Do you consider yourself a coffee connoisseur and love the community vibe that a coffee shop creates? If so, you might be keen to start a coffee shop.
But what's the best way to go about starting a coffee shop? It'll be a challenge - but certainly not impossible. Especially if you are determined and methodical in your approach.
If you're not sure where to begin, you've come to the right place. In this guide, you'll discover everything you need to know about how to start a coffee shop.
From carrying out market research to choosing your legal form and securing funding for your business, read on for our top tips to propel your coffee shop business to success!

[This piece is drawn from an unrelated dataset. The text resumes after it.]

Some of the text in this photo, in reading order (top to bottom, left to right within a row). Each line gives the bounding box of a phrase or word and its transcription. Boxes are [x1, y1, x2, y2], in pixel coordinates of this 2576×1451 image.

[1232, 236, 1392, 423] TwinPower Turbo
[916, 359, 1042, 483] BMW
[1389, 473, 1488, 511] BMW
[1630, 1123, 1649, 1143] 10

Carrying out market research to start a coffee shop
The first step in opening or taking over an existing coffee shop is to conduct market research to verify that there's sufficient demand in the area in which you'd like to set up your business.

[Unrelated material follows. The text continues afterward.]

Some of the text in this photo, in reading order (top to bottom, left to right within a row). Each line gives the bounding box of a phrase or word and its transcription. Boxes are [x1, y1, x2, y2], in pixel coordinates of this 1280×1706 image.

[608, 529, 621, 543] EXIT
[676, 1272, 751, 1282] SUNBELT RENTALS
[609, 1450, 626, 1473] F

To do this, you will need to:
- Analyse the evolution of the coffee shop sector: including growth, current and future trends, and competitive intensity
- Study the needs and expectations of consumers: who visits coffee shops and when? How often? What is the average budget for a coffee shop customer? What are their expectations in terms of products (coffee, tea, pastries, etc.) and services (free wifi, having the option of sit in or take away, etc.)?

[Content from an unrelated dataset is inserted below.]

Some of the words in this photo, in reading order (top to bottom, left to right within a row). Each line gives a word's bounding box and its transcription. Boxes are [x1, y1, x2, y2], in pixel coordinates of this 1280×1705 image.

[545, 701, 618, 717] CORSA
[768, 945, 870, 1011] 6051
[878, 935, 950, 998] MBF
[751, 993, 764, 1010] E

- Check out your local competitors: how many are there? Where are they located? What type of drinks, food and services do they offer and at what price? Do they seem to be doing well or are any struggling?
A focus on the market to start a coffee shop
According to the ICO (International Coffee Organisation), an estimated 169.34 million bags of coffee were consumed in 2019/20, in comparison to 150.3 million in 2014. It's clear, therefore, that the demand for coffee is increasing.
It's no surprise then that the UK coffee shop market is flourishing, with a value of £10.1 billion recorded by Allegra World Coffee Portal in 2019. Coffee shops are considered an essential part of the UK high street fabric, with an estimated 25,483 outlets dotted across the nation.
A growing curiosity amongst eco-conscious consumers to know about the origins of the coffee they're drinking is one trend currently driving the market. In fact, a 2020 survey conducted by Allegra found that nearly 75% of coffee consumers want their coffee shops to be more transparent about where they source their coffee - so as to ensure it's in keeping with environmentally friendly and socially conscious practices.
Another trend to watch out for when starting up a coffee shop is the rise in demand for quality coffee. London alone has seen a 700% rise in independent coffee outlets (from 50 in 2010 to over 400 in 2020) as consumers crave high-quality coffee in a unique and laid-back setting.
This rise in independents is compounded with an increase in multinational coffee chains, such as Starbucks and Costa. With a 57% rise in the number of these outlets in the last 10 years (bringing the total number of franchises to 2,195), we can see a less dramatic, albeit, steady demand for coffee chains. Whether it's independent coffee roasters or chains, the coffee shop boom has not discriminated - giving entrepreneurs free rein as to what area they fancy specialising in.
The rules and regulations of operating a coffee shop
Next in our guide on how to start a coffee shop is checking out the regulations in force.
If you decide you'd like to serve food to accompany your coffee, there are several requirements you'll need to satisfy around health and safety. Before starting your coffee shop, you'll have to register the premises with your local authority's environmental health service at least 28 days before you start trading.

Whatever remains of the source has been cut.